🤖 AI Summary
This study investigates the self-attribution capability of large language models (LLaMA3-8B-Instruct)—i.e., their ability to recognize their own generated text—and its implications for AI safety.
Method: We combine behavioral evaluation with directional probing of residual stream representations (ROME and CAUSAL MIDDLE) to identify and causally validate a neurosymbolic vector encoding “self-authorship.” We further integrate activation visualization and vector editing techniques to achieve bidirectional modulation of this capability—enabling both active assertion/denial of authorship during generation and induced belief/doubt in self-authored content during reading.

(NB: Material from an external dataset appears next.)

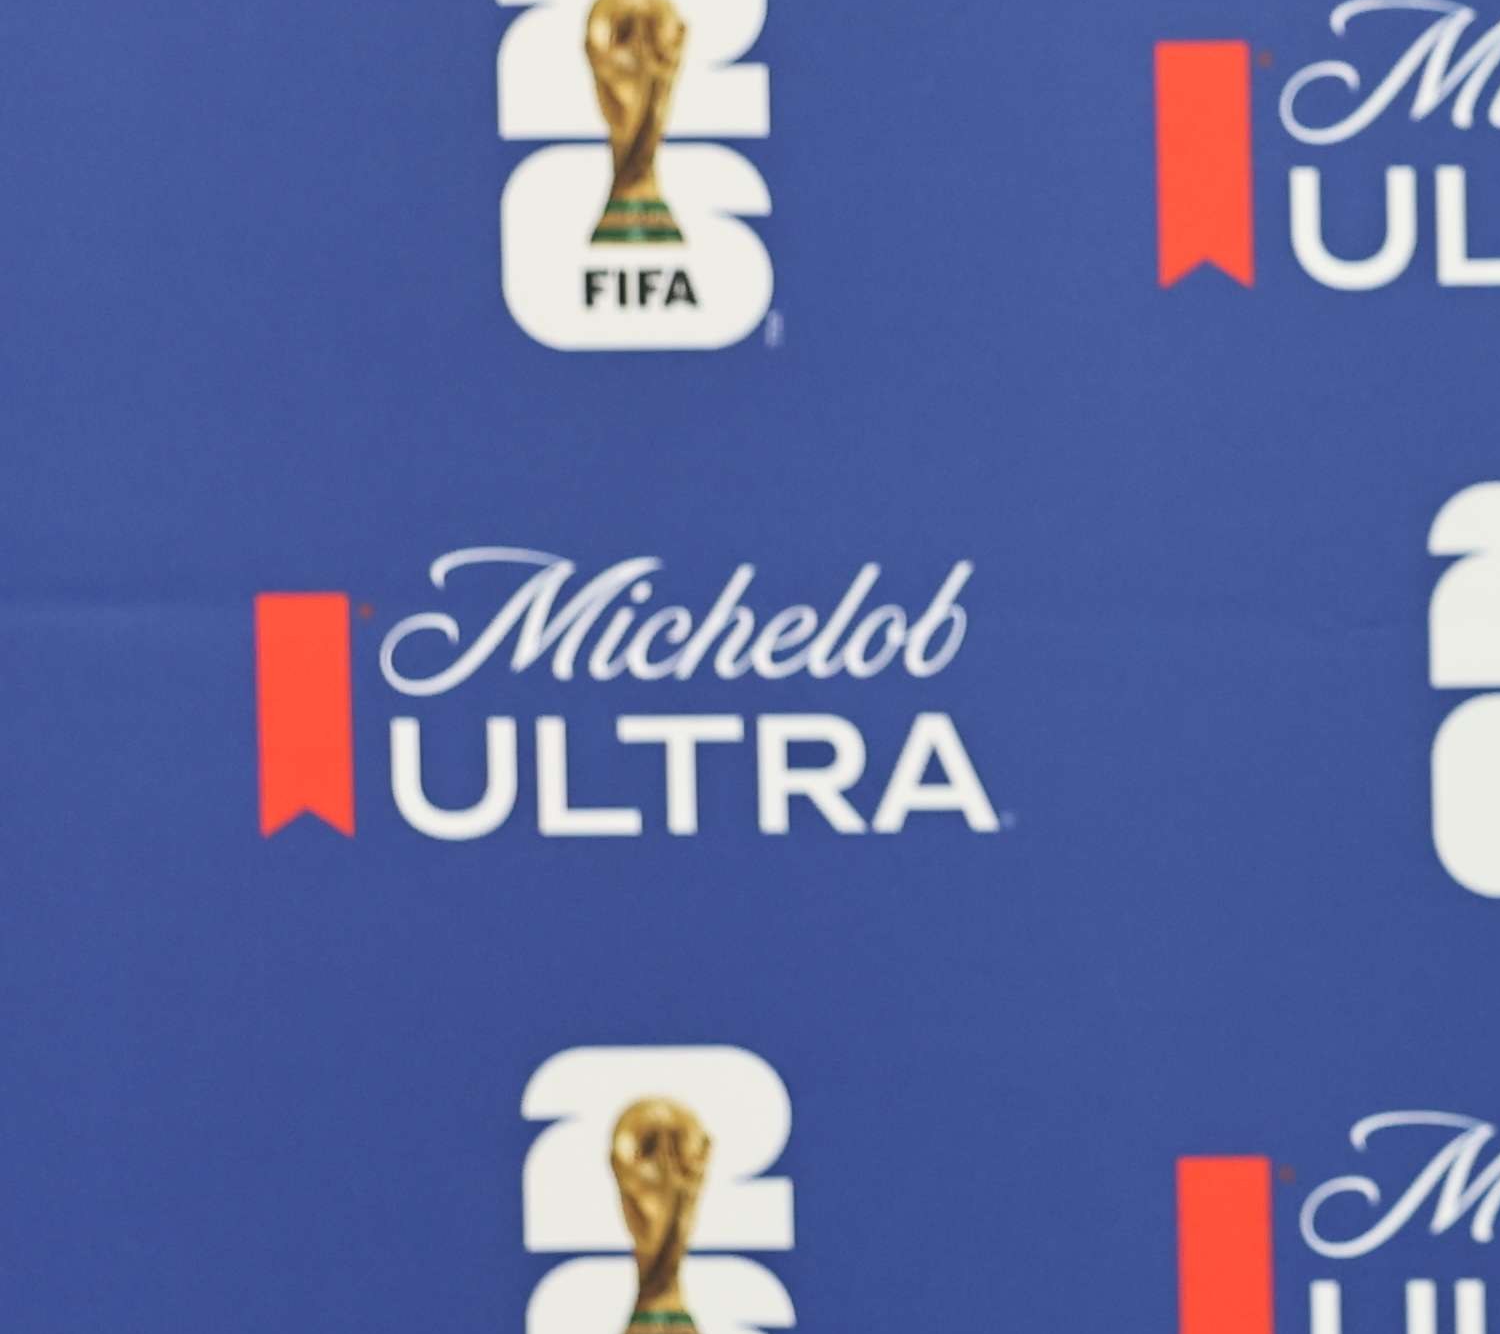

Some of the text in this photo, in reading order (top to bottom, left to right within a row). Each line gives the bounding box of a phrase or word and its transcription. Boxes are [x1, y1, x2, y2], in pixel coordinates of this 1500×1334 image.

Contribution/Results: We demonstrate that the model possesses robust self-recognition; the identified vector exhibits strong semantic specificity and precise controllability; and, for the first time, we achieve mechanistic-level intervention into the model’s “subjective perception.” This work establishes a novel paradigm for enhancing AI transparency, controllability, and trustworthy evaluation.
📝 Abstract
It has been reported that LLMs can recognize their own writing. As this has potential implications for AI safety, yet is relatively understudied, we investigate the phenomenon, seeking to establish whether it robustly occurs at the behavioral level, how the observed behavior is achieved, and whether it can be controlled. First, we find that the Llama3-8b-Instruct chat model - but not the base Llama3-8b model - can reliably distinguish its own outputs from those of humans, and present evidence that the chat model is likely using its experience with its own outputs, acquired during post-training, to succeed at the writing recognition task. Second, we identify a vector in the residual stream of the model that is differentially activated when the model makes a correct self-written-text recognition judgment, show that the vector activates in response to information relevant to self-authorship, present evidence that the vector is related to the concept of"self"in the model, and demonstrate that the vector is causally related to the model's ability to perceive and assert self-authorship. Finally, we show that the vector can be used to control both the model's behavior and its perception, steering the model to claim or disclaim authorship by applying the vector to the model's output as it generates it, and steering the model to believe or disbelieve it wrote arbitrary texts by applying the vector to them as the model reads them.